Whether they are in the lounge, in the kitchen or elsewhere in their homes, Africans are now being given a front-row view of how their world, and the world of trade, is changing.
Their guides are the appliances they use to make their lives easier, appliances that used to carry names such as Philips, Samsung and Sanyo, but that now increasingly bear names such as Haier, Hisense and Shinco.
The prevalence of these names is the result not only of the highly competitive prices at which they are sold, but also of an unrelenting drive by Chinese companies to innovate and to localize everything they sell.
In turn, the success of the likes of Haier, Hisense and Shinco in localizing their products for Africa is spurring other Chinese home appliance and electronics companies to make similar efforts, looking to cash in on an increasingly prosperous continent with its growing middle class and lower labor costs.
Broad acceptance across the continent of Chinese appliance brands is still some distance off, but once that process is well under way it will suggest a fundamental shift in sentiment about anything made in China.
What is driving Chinese appliance makers to Africa is not just its undoubted economic promise, but a problem they now face at home: market saturation, which is forcing them to broaden their horizons as they look to keep or increase market share.
More than 45 percent of the refrigerators, washing machines and TVs in the world were made in China, a report by the Development Bank of Singapore in 2013 said. Seventy-five percent of air conditioners and small appliances were made in China, the report said.
China's experience in supplying such goods means its companies have gained expertise in gauging consumer needs. But Africa, a market with widely varying markets from region to region and country to country, presents particular challenges.
Economic growth in sub-Saharan Africa is particularly strong, and the home appliance market is driven by population growth and the rise of the middle class, said Roberto Fogliata, a home appliances specialist responsible for sub-Saharan Africa for the international market research company GfK.
Standard Bank of South Africa said last year that the middle class in Africa had grown substantially over the past 14 years.
In a report titled Understanding Africa's Middle Class, it said there were 15 million middle class households in 11 of sub-Saharan Africa's top economies last year, 230 percent higher than in 1990. The GDP of those economies combined had grown tenfold since 2000, it said.
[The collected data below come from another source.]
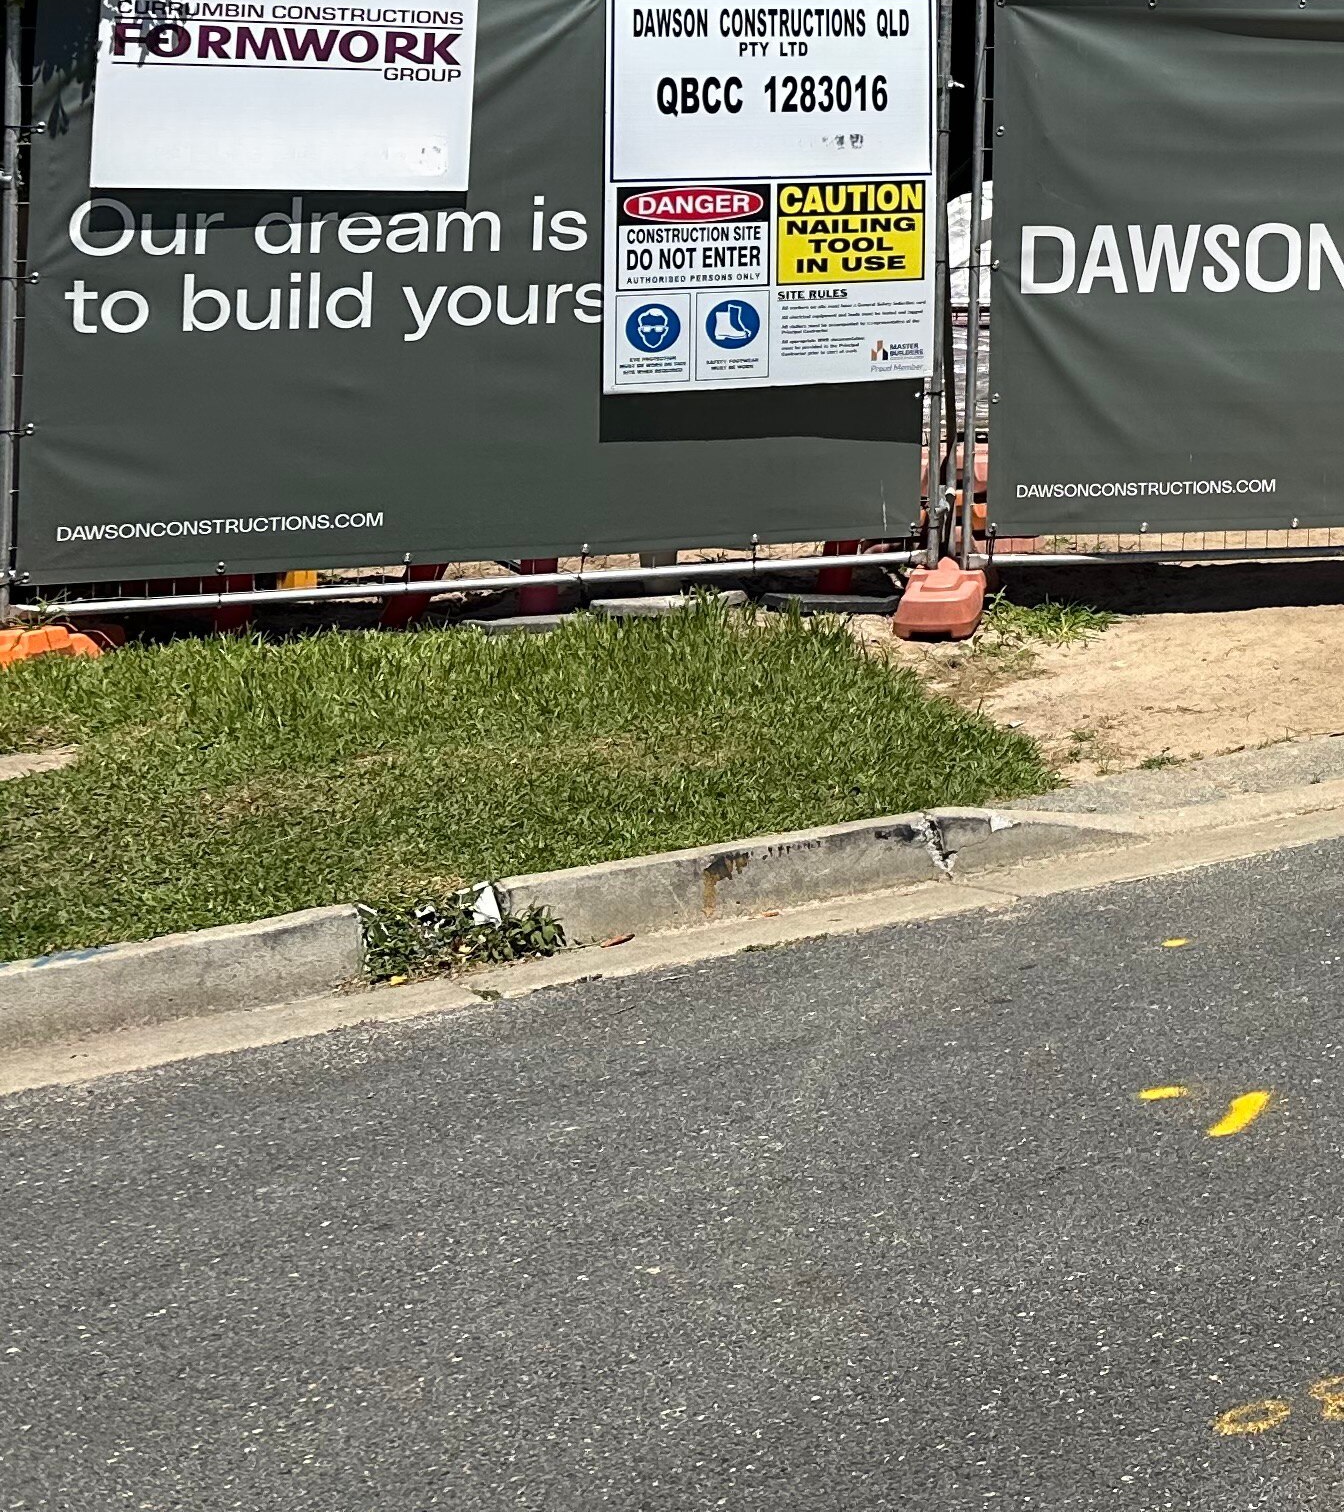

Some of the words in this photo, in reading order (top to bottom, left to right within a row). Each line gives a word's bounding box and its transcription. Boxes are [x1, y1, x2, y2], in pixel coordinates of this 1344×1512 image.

[117, 0, 264, 19] CURRUMBIN
[271, 5, 464, 25] CONSTRUCTIONS
[633, 8, 708, 37] DAWSON
[719, 8, 866, 37] CONSTRUCTIONS
[876, 8, 910, 38] QLD
[113, 22, 462, 65] FORMWORK
[739, 42, 769, 56] PTY
[780, 42, 808, 56] LTD
[383, 67, 461, 83] GROUP
[656, 76, 743, 117] QBCC
[764, 75, 888, 112] 1283016
[638, 194, 750, 215] DANGER
[779, 183, 922, 214] CAUTION
[68, 198, 224, 257] Our
[254, 196, 500, 254] dream
[531, 196, 587, 253] is
[627, 227, 730, 244] CONSTRUCTION
[733, 226, 761, 240] SITE
[786, 217, 916, 235] NAILING
[807, 237, 893, 253] TOOL
[626, 249, 651, 270] DO
[658, 247, 697, 269] NOT
[702, 245, 761, 267] ENTER
[796, 257, 828, 273] IN
[841, 255, 906, 271] USE
[627, 275, 686, 284] AUTHORISED
[690, 273, 734, 282] PERSONS
[737, 273, 761, 281] ONLY
[64, 279, 149, 334] to
[181, 272, 373, 332] build
[777, 290, 805, 300] SITE
[808, 289, 848, 299] RULES
[1016, 478, 1277, 499] DAWSONCONSTRUCTIONS.COM
[56, 510, 384, 542] DAWSONCONSTRUCTIONS.COM
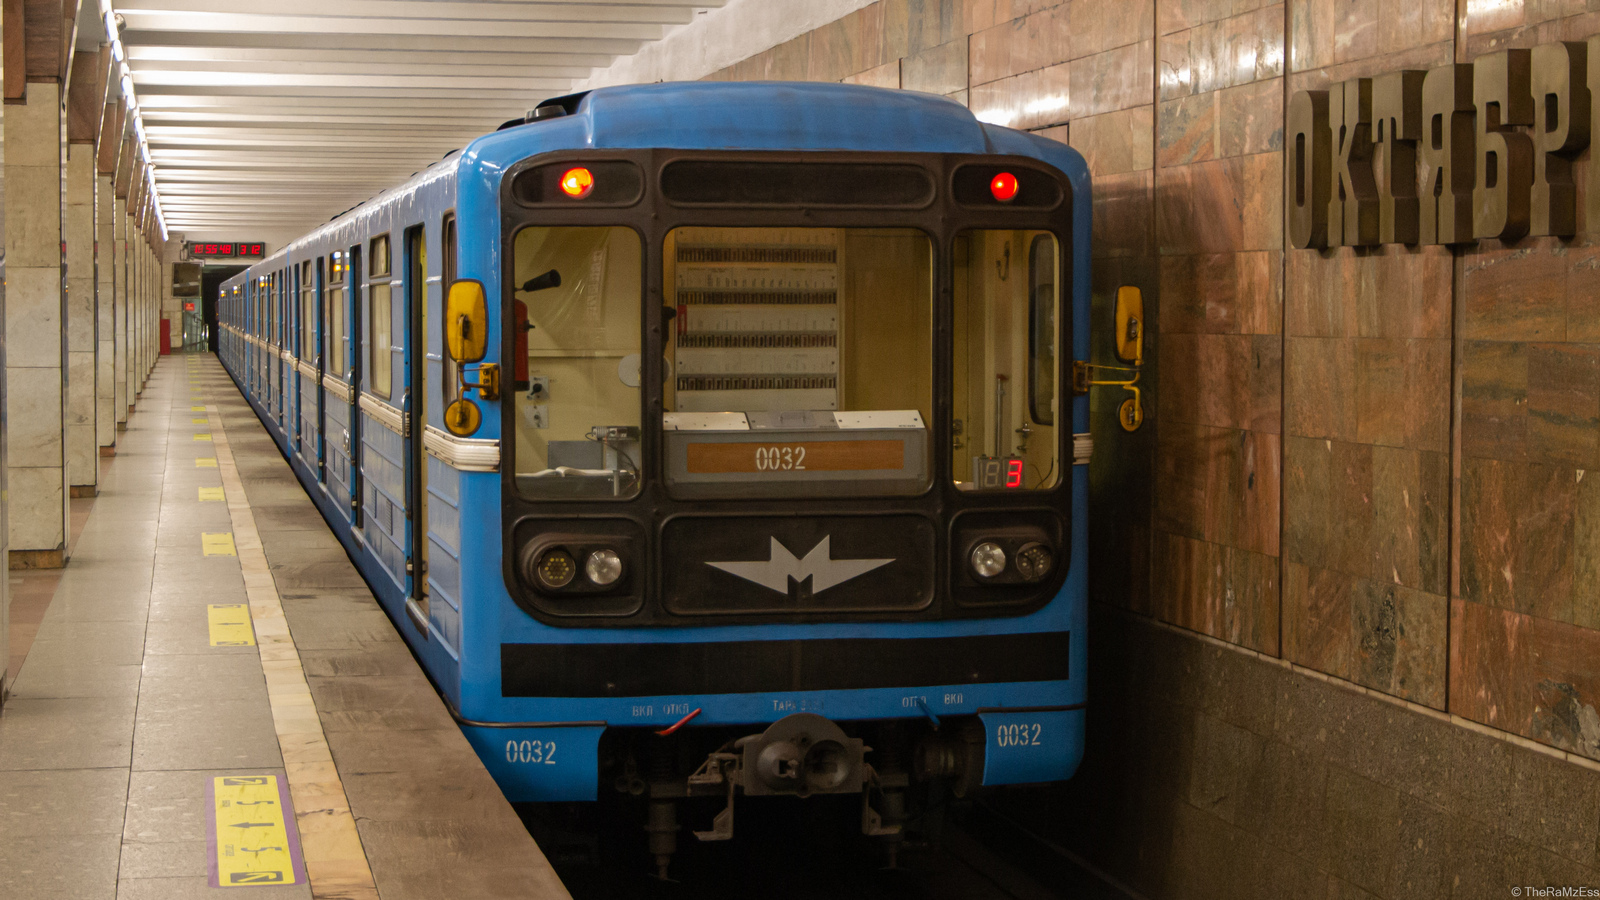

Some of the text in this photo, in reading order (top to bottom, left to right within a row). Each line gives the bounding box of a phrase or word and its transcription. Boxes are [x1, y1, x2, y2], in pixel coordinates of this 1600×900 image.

[1289, 37, 1600, 249] ОКТЯБР
[205, 244, 218, 254] 55
[219, 244, 231, 254] 48
[240, 245, 261, 255] 3 12
[755, 446, 807, 471] 0032
[944, 693, 963, 705] ВКЛ
[632, 703, 690, 717] ВКЛ ОТКЛ
[996, 723, 1042, 747] 0032
[505, 740, 557, 765] 0032
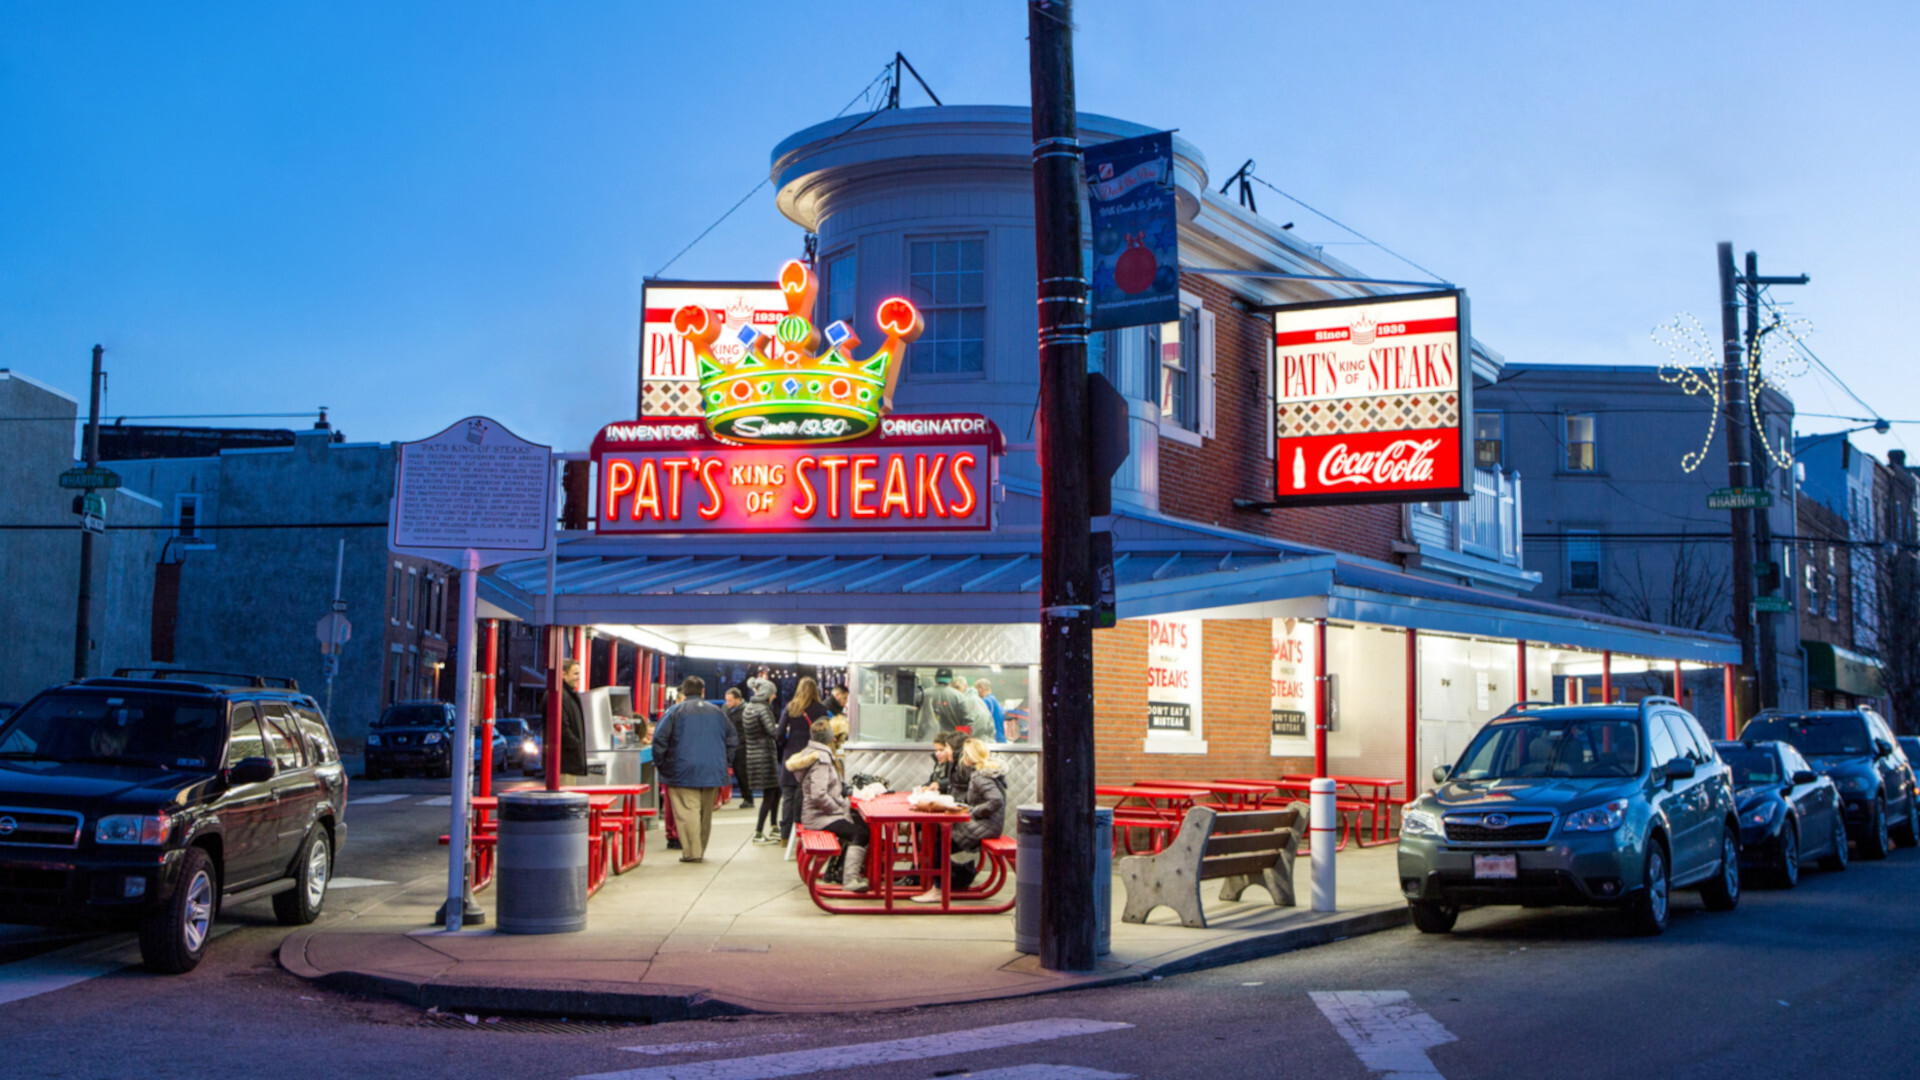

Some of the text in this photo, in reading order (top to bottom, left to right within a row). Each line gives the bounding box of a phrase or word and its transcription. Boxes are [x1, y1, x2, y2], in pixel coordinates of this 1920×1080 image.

[755, 313, 783, 322] 1930
[1315, 324, 1406, 341] Since 1930
[650, 332, 688, 376] PAT
[1283, 342, 1454, 398] PAT'S STEAKS
[1339, 360, 1365, 372] KING
[1345, 374, 1359, 384] OF
[606, 424, 700, 442] INVENTOR
[733, 416, 846, 438] Since 1930
[882, 418, 986, 437] ORIGINATOR
[452, 444, 474, 454] KING
[478, 445, 490, 453] OF
[1318, 438, 1442, 486] Coca-Cola
[730, 464, 786, 486] KING
[605, 450, 978, 521] PAT'S STEAKS
[746, 490, 774, 513] OF
[1709, 494, 1768, 508] WHARTON ST
[1150, 619, 1188, 649] PAT'S
[1272, 638, 1302, 664] PAT'S
[1148, 666, 1188, 689] STEAKS
[1271, 679, 1304, 698] STEAKS
[1170, 706, 1183, 716] EAT
[1185, 707, 1190, 716] A
[1288, 714, 1300, 723] EAT
Thomas Verryn, research manager, sub-Saharan Africa, for the London-based market research company Euromonitor International, says: "Significant growth is expected in the coming years for sub-Saharan Africa. The sub-continent shows strong GDP growth, with an increased demand for both consumer electronics and appliances. Increased urbanization will also drive growth."
Last year, China exported 74.05 million TVs, 24.3 percent more than in 2013, and the value of sales was $13.55 billion, 22.6 percent more than in 2013.
About 23 million fridges were exported, 9.5 percent more than in 2013.
One thing standing in the way of such exports to Africa is high customs duties in many countries, and this is prompting companies to localize manufacturing in the continent.
One of the first Chinese home appliance makers to enter the African market was Haier, in Nigeria in 2001. It has also been in Tunisia since 2012.